Review: Ellen Terry with Eileen Atkins, Sam Wanamaker Playhouse

“If”once I part from any man I meet, I am never found again”

Having decided not to go back to the Sam Wanamaker Playhouse after the perverse pleasure it seems to take in charging large amounts of money for considerable discomfort nearly ruined a good Duchess of Malfi, the offer of a ticket to Eileen Atkins’ one woman show proved irresistible. That it was free helped, but I was also interested to see what the standing experience there was like, at just £10 it doesn’t seem too unreasonable and with it being a short show, it was a risk I was willing to take.

The show itself was predictably excellent. Ellen Terry was a Victorian actress known for her Shakespearean work and her analysis of it, so Atkins’ show weaves together material from Terry’s books and lectures with insights from her life and healthy chunks of the Bard, illustrating the characters of which she speaks. It’s a compelling mixture, full of absolutely fascinating observations on these characters we know so well and the experiences of a woman working her way through the canon as best she can, given the way society is.

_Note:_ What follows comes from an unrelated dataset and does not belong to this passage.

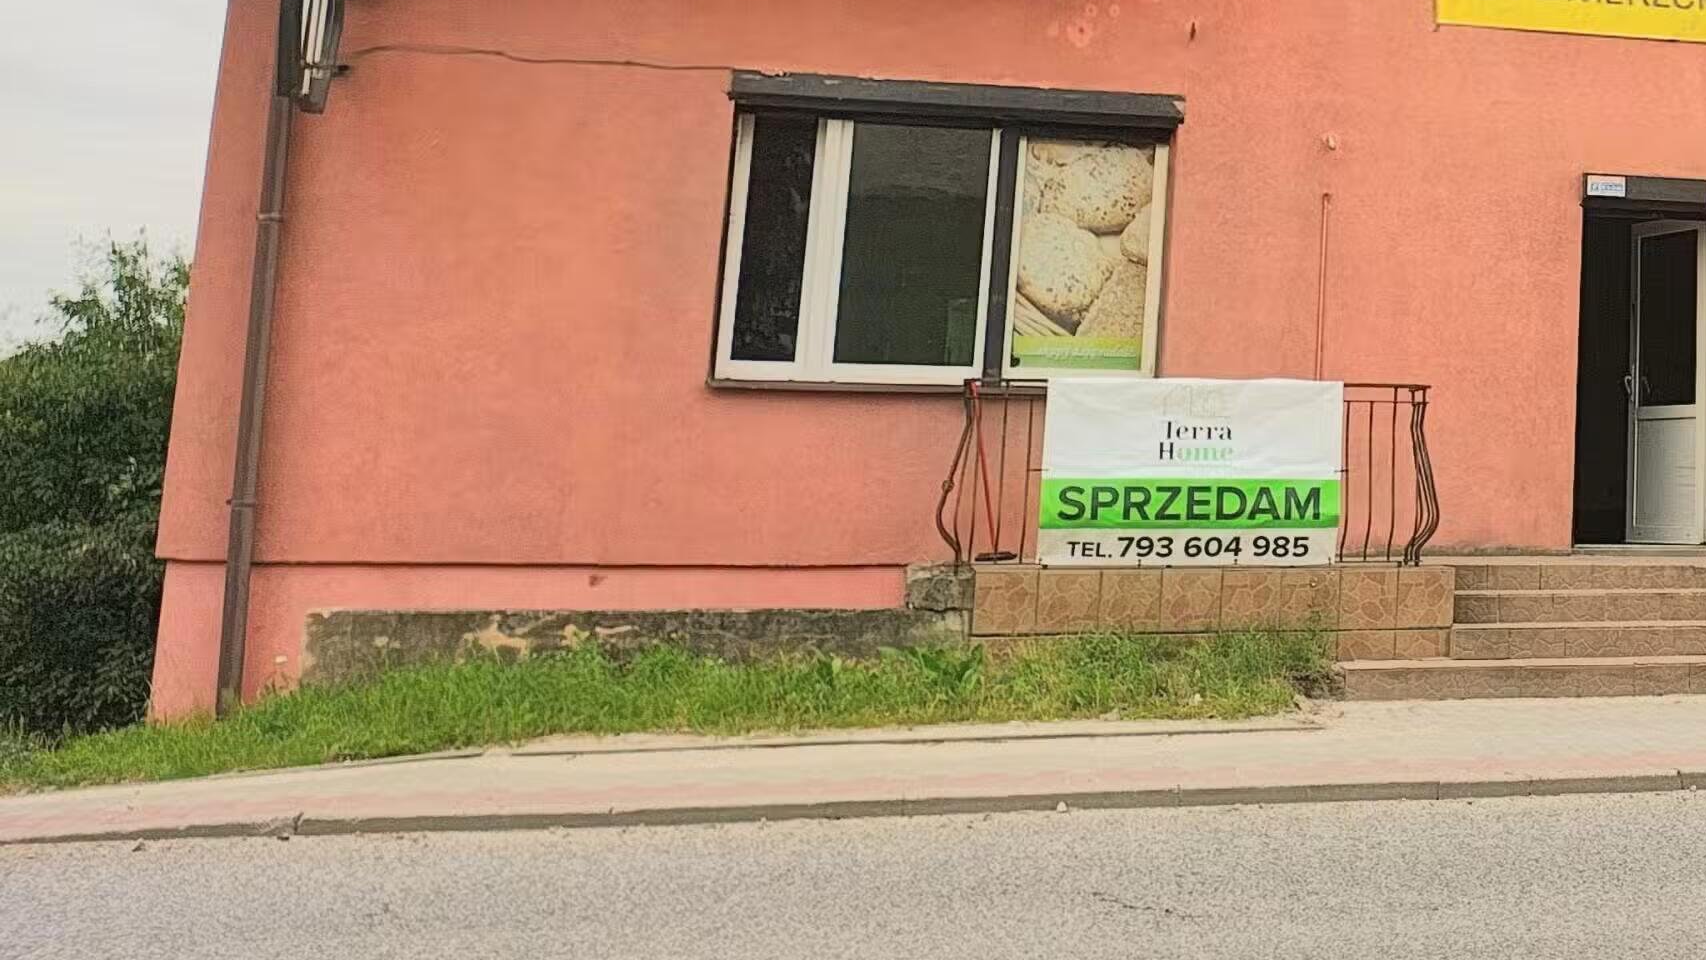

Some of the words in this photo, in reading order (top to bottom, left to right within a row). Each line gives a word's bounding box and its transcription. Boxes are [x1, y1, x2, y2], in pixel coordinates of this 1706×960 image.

And getting to hear as marvellous an actress as Eileen Atkins, looking regal in deep blue, giving us hints of her Emilia, her Juliet, her Cordelia, even her Lear, is nothing short of a genuine privilege. So good that I almost forgot to complain about the sightlines from the cheap seats! For a show such as this, it didn’t really matter, but if one is having to look across a stage at many things, it is hard to see how the candelabras won’t prove a serious hindrance.